» What to do: Each record below has to be printed verbatim.

::::

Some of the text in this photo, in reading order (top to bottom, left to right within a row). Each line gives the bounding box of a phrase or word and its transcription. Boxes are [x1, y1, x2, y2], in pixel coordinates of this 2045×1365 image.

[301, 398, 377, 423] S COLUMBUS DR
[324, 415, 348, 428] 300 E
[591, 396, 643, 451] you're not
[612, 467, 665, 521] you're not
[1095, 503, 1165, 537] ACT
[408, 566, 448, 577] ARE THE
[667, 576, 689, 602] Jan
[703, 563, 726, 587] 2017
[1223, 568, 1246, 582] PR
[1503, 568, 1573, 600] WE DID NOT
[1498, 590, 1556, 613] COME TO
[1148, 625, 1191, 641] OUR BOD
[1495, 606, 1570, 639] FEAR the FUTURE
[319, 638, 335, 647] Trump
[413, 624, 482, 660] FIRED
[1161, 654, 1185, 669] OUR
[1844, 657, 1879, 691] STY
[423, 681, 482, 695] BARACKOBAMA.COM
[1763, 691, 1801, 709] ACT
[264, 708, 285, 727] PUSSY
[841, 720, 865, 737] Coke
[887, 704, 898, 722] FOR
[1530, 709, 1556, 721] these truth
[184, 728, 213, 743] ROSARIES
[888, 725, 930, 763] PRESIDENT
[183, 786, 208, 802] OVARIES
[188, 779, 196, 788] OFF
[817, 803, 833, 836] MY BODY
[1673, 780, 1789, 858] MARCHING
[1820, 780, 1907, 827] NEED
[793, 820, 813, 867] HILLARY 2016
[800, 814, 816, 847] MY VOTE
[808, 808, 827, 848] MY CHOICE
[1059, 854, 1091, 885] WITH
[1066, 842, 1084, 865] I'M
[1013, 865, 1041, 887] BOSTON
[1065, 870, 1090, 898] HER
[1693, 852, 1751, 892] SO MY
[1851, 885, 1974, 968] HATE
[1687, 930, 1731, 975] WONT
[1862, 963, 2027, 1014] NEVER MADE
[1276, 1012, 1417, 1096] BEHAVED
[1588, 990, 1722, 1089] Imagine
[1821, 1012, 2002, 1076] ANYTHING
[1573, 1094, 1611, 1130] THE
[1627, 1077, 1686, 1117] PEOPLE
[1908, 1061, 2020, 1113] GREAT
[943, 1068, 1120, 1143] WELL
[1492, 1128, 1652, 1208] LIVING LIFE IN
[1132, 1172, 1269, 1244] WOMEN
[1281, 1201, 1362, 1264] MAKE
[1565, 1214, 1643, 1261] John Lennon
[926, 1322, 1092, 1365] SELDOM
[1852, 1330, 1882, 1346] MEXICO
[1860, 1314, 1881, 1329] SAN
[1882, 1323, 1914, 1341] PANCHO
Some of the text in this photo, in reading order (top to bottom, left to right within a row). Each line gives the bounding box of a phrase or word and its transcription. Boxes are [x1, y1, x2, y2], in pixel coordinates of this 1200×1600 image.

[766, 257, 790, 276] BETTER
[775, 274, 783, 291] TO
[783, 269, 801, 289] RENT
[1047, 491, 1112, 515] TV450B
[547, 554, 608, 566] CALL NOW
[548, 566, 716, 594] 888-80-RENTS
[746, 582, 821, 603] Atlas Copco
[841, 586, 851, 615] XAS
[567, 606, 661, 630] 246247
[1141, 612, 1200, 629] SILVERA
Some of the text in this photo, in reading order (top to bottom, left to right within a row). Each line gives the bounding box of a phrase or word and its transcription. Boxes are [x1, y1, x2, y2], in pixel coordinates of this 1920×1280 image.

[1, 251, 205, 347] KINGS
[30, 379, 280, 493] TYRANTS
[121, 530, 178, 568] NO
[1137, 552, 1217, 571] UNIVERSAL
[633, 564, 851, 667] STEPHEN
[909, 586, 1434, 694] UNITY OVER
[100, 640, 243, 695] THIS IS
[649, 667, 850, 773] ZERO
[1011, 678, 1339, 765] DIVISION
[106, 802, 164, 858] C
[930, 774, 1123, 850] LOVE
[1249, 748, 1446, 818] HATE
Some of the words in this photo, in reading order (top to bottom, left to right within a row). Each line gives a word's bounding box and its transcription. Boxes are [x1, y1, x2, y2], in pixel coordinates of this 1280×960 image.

::::

» Exercise answer:
Some of the text in this photo, in reading order (top to bottom, left to right within a row). Each line gives the bounding box of a phrase or word and its transcription. Boxes are [x1, y1, x2, y2], in pixel coordinates of this 2045×1365 image.

[301, 398, 377, 423] S COLUMBUS DR
[324, 415, 348, 428] 300 E
[591, 396, 643, 451] you're not
[612, 467, 665, 521] you're not
[1095, 503, 1165, 537] ACT
[408, 566, 448, 577] ARE THE
[667, 576, 689, 602] Jan
[703, 563, 726, 587] 2017
[1223, 568, 1246, 582] PR
[1503, 568, 1573, 600] WE DID NOT
[1498, 590, 1556, 613] COME TO
[1148, 625, 1191, 641] OUR BOD
[1495, 606, 1570, 639] FEAR the FUTURE
[319, 638, 335, 647] Trump
[413, 624, 482, 660] FIRED
[1161, 654, 1185, 669] OUR
[1844, 657, 1879, 691] STY
[423, 681, 482, 695] BARACKOBAMA.COM
[1763, 691, 1801, 709] ACT
[264, 708, 285, 727] PUSSY
[841, 720, 865, 737] Coke
[887, 704, 898, 722] FOR
[1530, 709, 1556, 721] these truth
[184, 728, 213, 743] ROSARIES
[888, 725, 930, 763] PRESIDENT
[183, 786, 208, 802] OVARIES
[188, 779, 196, 788] OFF
[817, 803, 833, 836] MY BODY
[1673, 780, 1789, 858] MARCHING
[1820, 780, 1907, 827] NEED
[793, 820, 813, 867] HILLARY 2016
[800, 814, 816, 847] MY VOTE
[808, 808, 827, 848] MY CHOICE
[1059, 854, 1091, 885] WITH
[1066, 842, 1084, 865] I'M
[1013, 865, 1041, 887] BOSTON
[1065, 870, 1090, 898] HER
[1693, 852, 1751, 892] SO MY
[1851, 885, 1974, 968] HATE
[1687, 930, 1731, 975] WONT
[1862, 963, 2027, 1014] NEVER MADE
[1276, 1012, 1417, 1096] BEHAVED
[1588, 990, 1722, 1089] Imagine
[1821, 1012, 2002, 1076] ANYTHING
[1573, 1094, 1611, 1130] THE
[1627, 1077, 1686, 1117] PEOPLE
[1908, 1061, 2020, 1113] GREAT
[943, 1068, 1120, 1143] WELL
[1492, 1128, 1652, 1208] LIVING LIFE IN
[1132, 1172, 1269, 1244] WOMEN
[1281, 1201, 1362, 1264] MAKE
[1565, 1214, 1643, 1261] John Lennon
[926, 1322, 1092, 1365] SELDOM
[1852, 1330, 1882, 1346] MEXICO
[1860, 1314, 1881, 1329] SAN
[1882, 1323, 1914, 1341] PANCHO
Some of the text in this photo, in reading order (top to bottom, left to right within a row). Each line gives the bounding box of a phrase or word and its transcription. Boxes are [x1, y1, x2, y2], in pixel coordinates of this 1200×1600 image.

[766, 257, 790, 276] BETTER
[775, 274, 783, 291] TO
[783, 269, 801, 289] RENT
[1047, 491, 1112, 515] TV450B
[547, 554, 608, 566] CALL NOW
[548, 566, 716, 594] 888-80-RENTS
[746, 582, 821, 603] Atlas Copco
[841, 586, 851, 615] XAS
[567, 606, 661, 630] 246247
[1141, 612, 1200, 629] SILVERA
Some of the text in this photo, in reading order (top to bottom, left to right within a row). Each line gives the bounding box of a phrase or word and its transcription. Boxes are [x1, y1, x2, y2], in pixel coordinates of this 1920×1280 image.

[1, 251, 205, 347] KINGS
[30, 379, 280, 493] TYRANTS
[121, 530, 178, 568] NO
[1137, 552, 1217, 571] UNIVERSAL
[633, 564, 851, 667] STEPHEN
[909, 586, 1434, 694] UNITY OVER
[100, 640, 243, 695] THIS IS
[649, 667, 850, 773] ZERO
[1011, 678, 1339, 765] DIVISION
[106, 802, 164, 858] C
[930, 774, 1123, 850] LOVE
[1249, 748, 1446, 818] HATE
Some of the words in this photo, in reading order (top to bottom, left to right within a row). Each line gives a word's bounding box and its transcription. Boxes are [x1, y1, x2, y2], in pixel coordinates of this 1280×960 image.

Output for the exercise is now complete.